How to Help Someone With PTSD

IF SOMEONE IN YOUR LIFE is struggling with post-traumatic stress disorder, you may wonder what to say or how to help. With PTSD, a disturbing event in the recent or distant past can cause intrusive memories, flashbacks and nightmares, unexpected outbursts, paralyzing fear and social avoidance. PTSD disrupts people's lives and relationships as it affects their ability to function.

PTSD can happen to anyone: Combat veterans, assault and abuse survivors, cancer patients, car crash victims, witnesses to natural disasters, police and emergency responders repeatedly exposed to terrible situations or kids who have suddenly lost a family member or lived through domestic violence.

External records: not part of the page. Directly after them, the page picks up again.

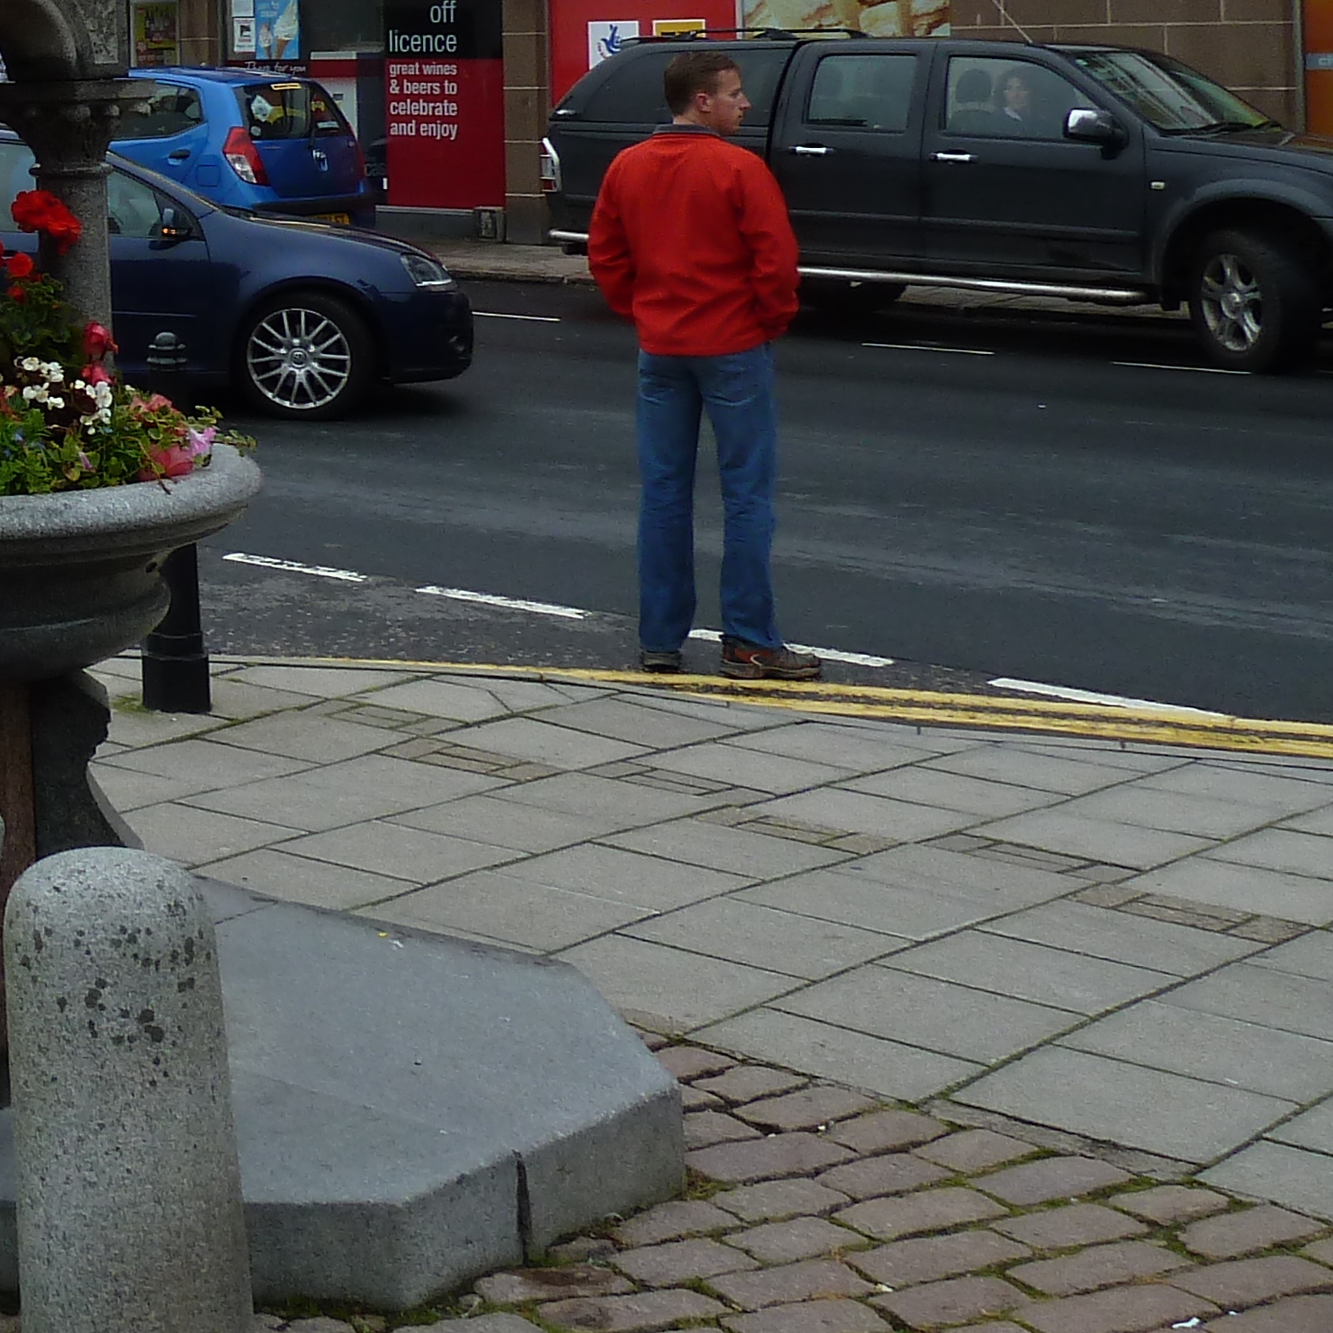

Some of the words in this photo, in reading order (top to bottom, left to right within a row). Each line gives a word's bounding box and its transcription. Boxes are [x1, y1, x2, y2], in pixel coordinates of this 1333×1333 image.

[430, 0, 457, 23] off
[388, 29, 458, 53] licence
[389, 62, 420, 77] great
[422, 62, 457, 75] wines
[389, 79, 400, 94] &
[403, 79, 440, 94] beers
[444, 80, 457, 94] to
[389, 99, 458, 116] celebrate
[389, 119, 416, 136] and
[420, 120, 458, 141] enjoy
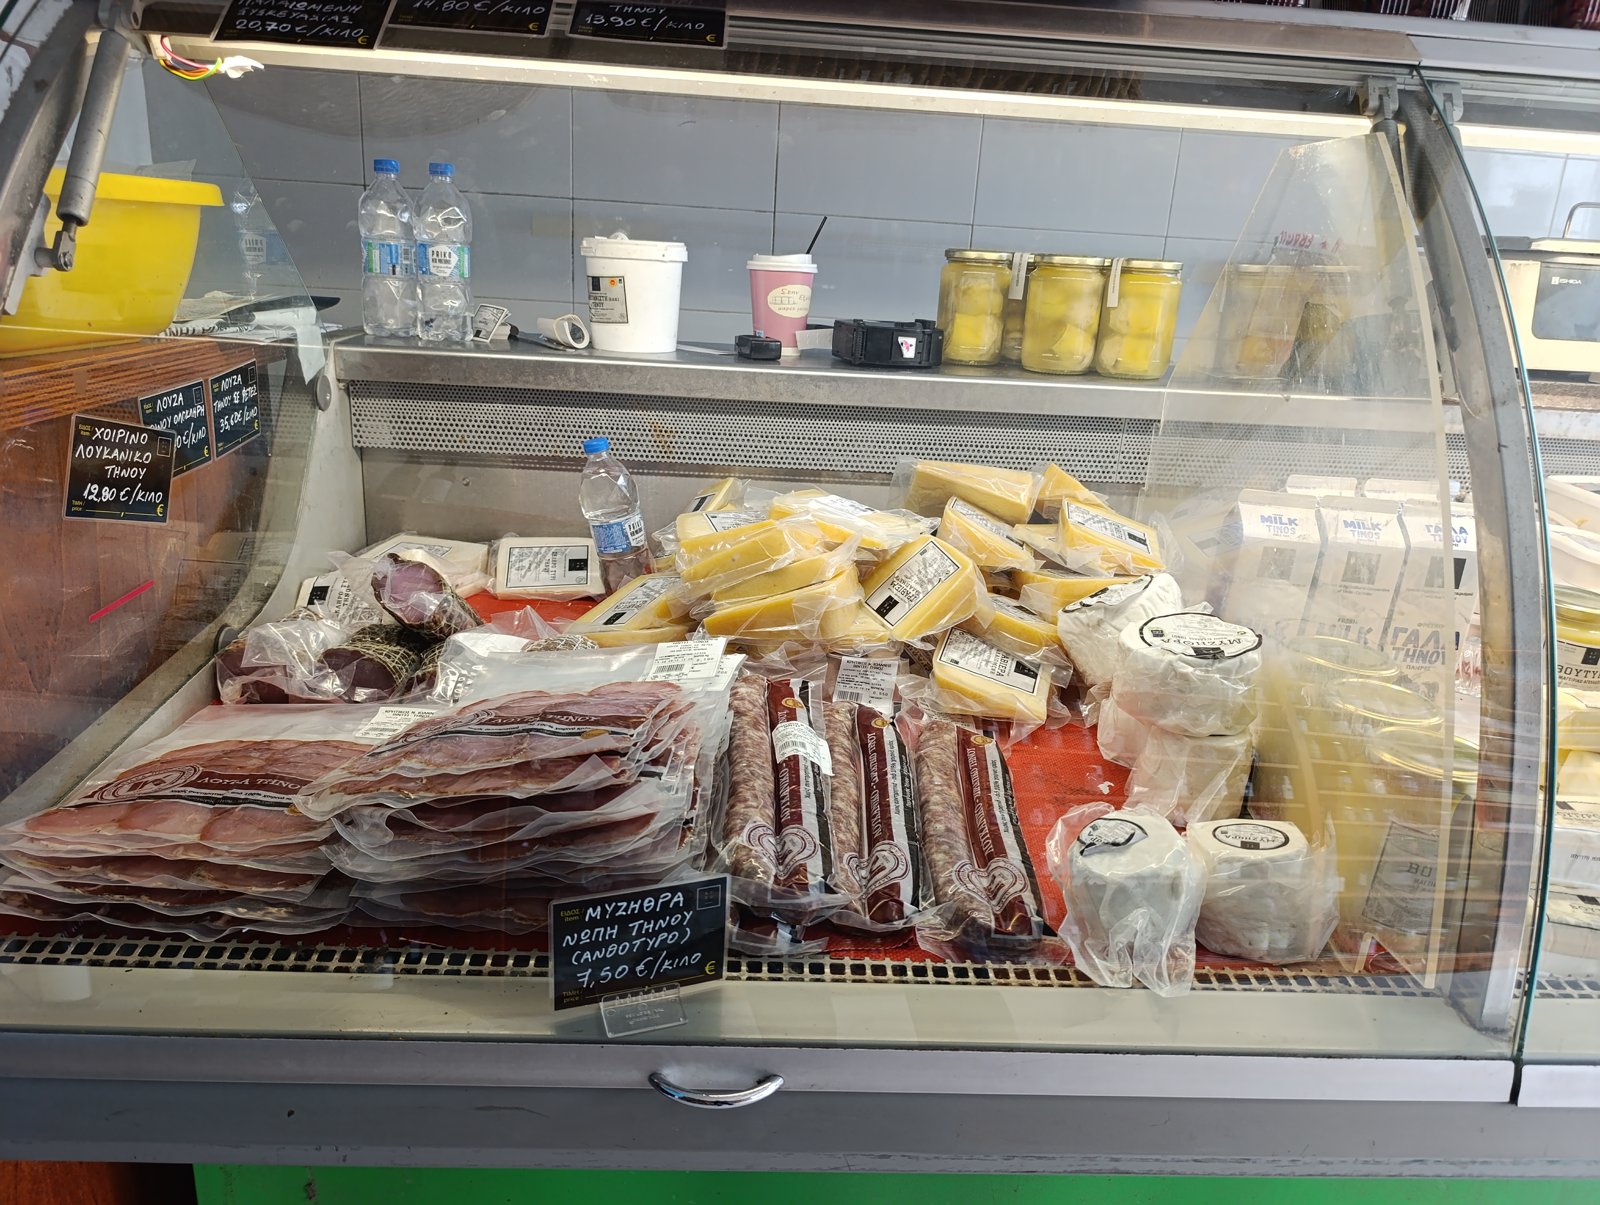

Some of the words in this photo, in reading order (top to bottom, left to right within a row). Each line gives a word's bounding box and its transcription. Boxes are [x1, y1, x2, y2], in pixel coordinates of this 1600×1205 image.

[156, 392, 184, 413] ΛΟΥΖΑ
[92, 427, 149, 445] ΧΟΙΡΙΝΟ
[75, 444, 152, 464] ΛΟΥΚΑΝΙΚΟ
[105, 464, 147, 479] ΤΗΝΟΥ
[83, 482, 116, 502] 12,80
[1260, 513, 1299, 526] MILK
[1266, 524, 1296, 535] TINOS
[1343, 519, 1383, 532] MILK
[256, 778, 301, 790] ΤΗΝΟ
[585, 891, 684, 922] ΜΥΖΗΘΡΑ
[562, 924, 618, 947] ΝΩΠΗ
[628, 910, 694, 936] ΤΗΝΟΥ
[571, 928, 691, 965] (ΑΝΘΟΤΥΡΟ)
[576, 965, 630, 988] 7,50
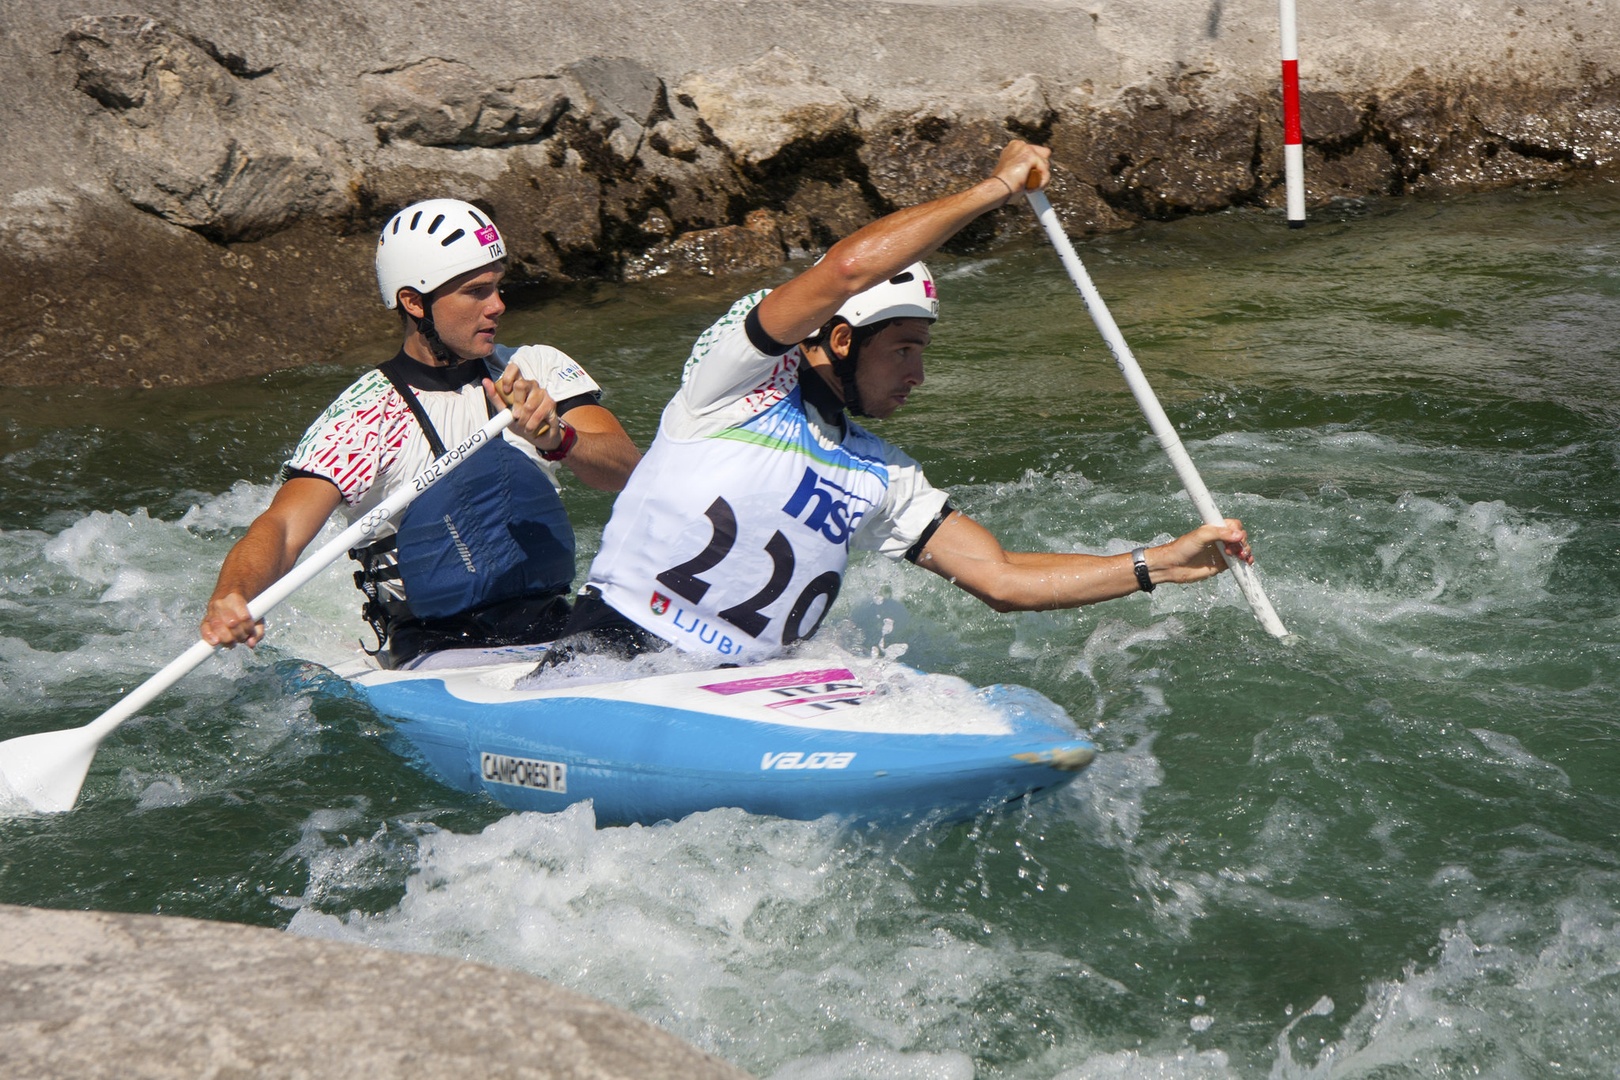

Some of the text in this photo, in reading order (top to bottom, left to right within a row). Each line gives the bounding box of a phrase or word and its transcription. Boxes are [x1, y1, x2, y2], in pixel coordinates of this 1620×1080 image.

[488, 243, 503, 258] ITA
[412, 428, 489, 492] London 2012
[656, 496, 841, 646] 220
[483, 755, 551, 789] CAMPORESI

Although it shares similarities with anxiety disorders, PTSD is a standalone diagnosis. "The unique thing about PTSD is the person went through a traumatic event," says Jeremy Tyler, an assistant professor of clinical psychiatry at the Center for the Treatment and Study of Anxiety at University of Pennsylvania. "It's a disorder that has to do with how they respond to the trauma over time."

After someone goes through a horrific event, it's quite common to have intense emotional symptoms for the next few months, Tyler says. "We consider that to be pretty normal," he says. "PTSD is when those symptoms don't resolve."